Single by Tiki Taane

from the album Past, Present, Future
- Released: 28 April 2008
- Genre: Acoustic reggae, BBQ reggae
- Length: 2:56
- Songwriters: Tiki Taane, Glen Nathan

Tiki Taane singles chronology
|  | "Always On My Mind" (2008) | "Starship Lullaby" (2010) |

= Always on My Mind (Tiki Taane song) =

"Always On My Mind" is a single by the New Zealand singer Tiki Taane. It was released as the first single from Taane's first solo album, Past, Present, Future. It reached number one on the New Zealand Singles Chart.

The song has been certified 2× Platinum and made it to number one in New Zealand, knocking Chris Brown off the top spot after an eight-week reign. The song spent nineteen non-consecutive weeks in the top ten, including two weeks at number one, and a total of fifty-five weeks in the chart so far.
 "Always On My Mind" has also become one of the most successful singles of all time in New Zealand, landing at number one on the Best of All Time Singles Chart, a chart that has been tracking singles since 1994. The title was previously held by "Bathe in the River" by Hollie Smith.

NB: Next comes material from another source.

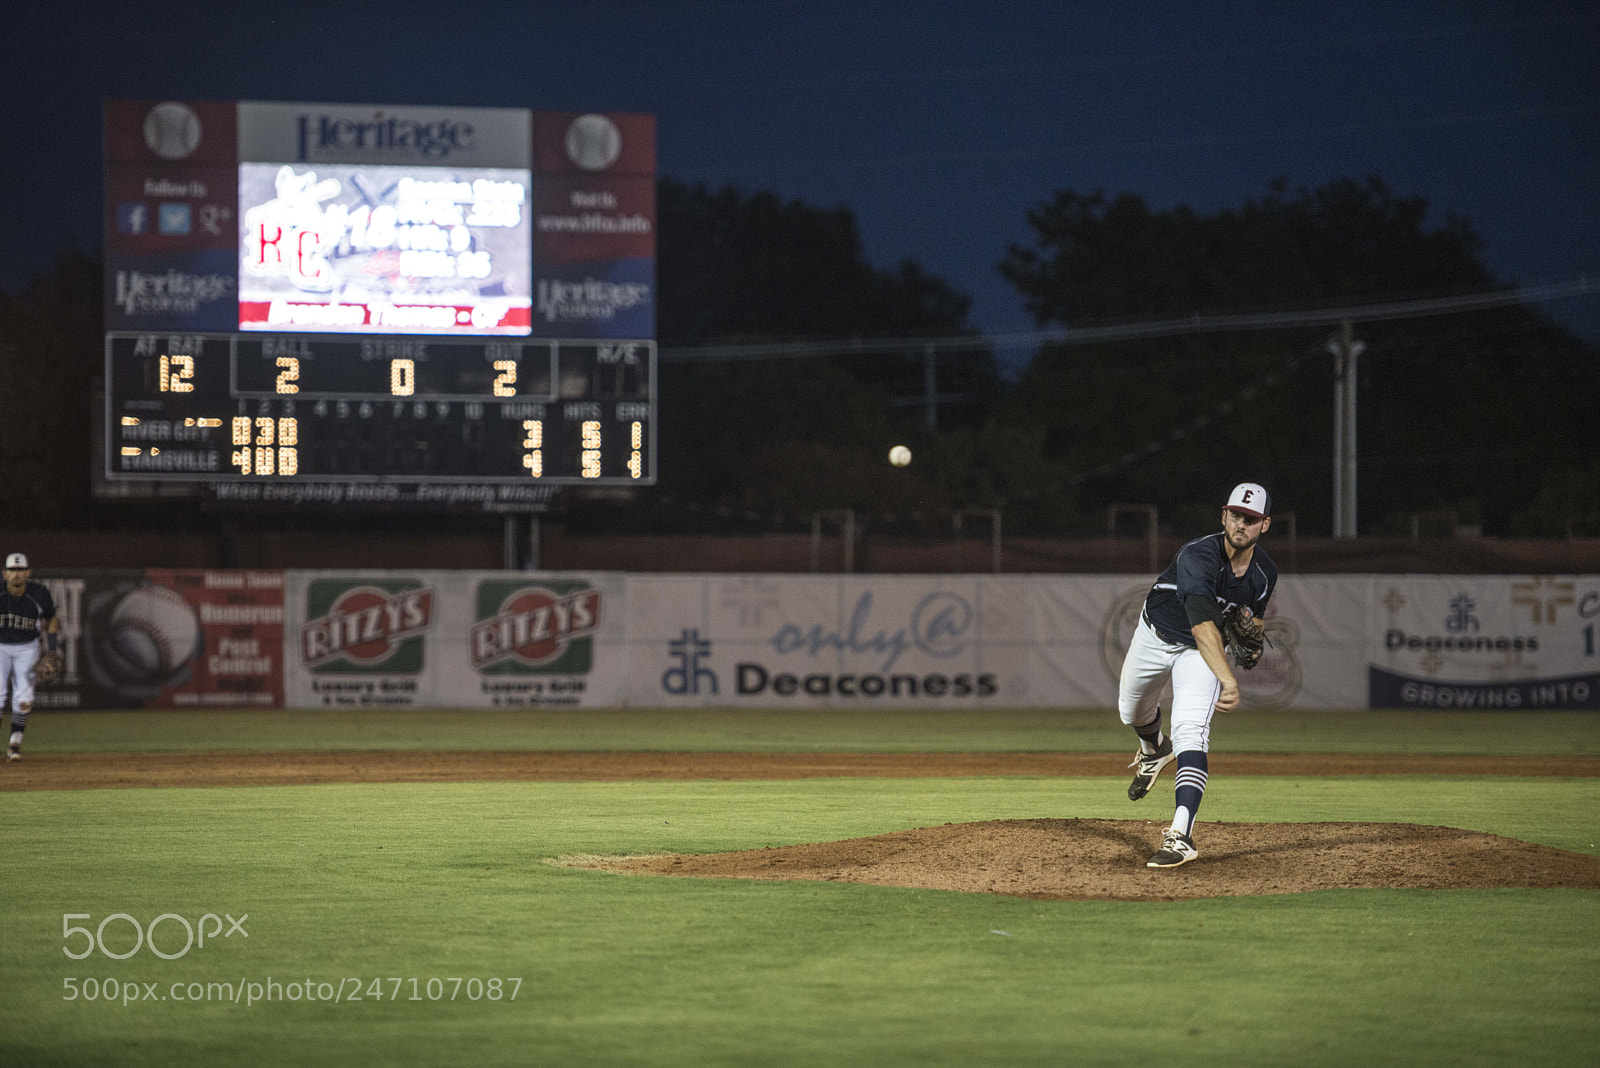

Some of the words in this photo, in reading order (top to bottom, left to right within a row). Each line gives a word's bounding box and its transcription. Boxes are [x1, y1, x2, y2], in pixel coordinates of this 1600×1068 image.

In September 2019, Taane re-recorded the song for Waiata / Anthems, a collection of re-recorded New Zealand pop songs to promote te Wiki o te Reo Māori (Māori Language Week). The new version, retitled "Kei Tōku Ngākau Nei Koe / Always on My Mind", featured lyrics reinterpreted by scholar Tīmoti Kāretu.

==Charts==

| Singles Chart | Peak position |
|---|---|
| New Zealand Singles Chart | 1 |

==Certifications==

Certifications for "Always on My Mind"
| Region | Certification | Certified units/sales |
| New Zealand (RMNZ) | 7× Platinum | 210,000^{‡} |
^{‡} Sales+streaming figures based on certification alone.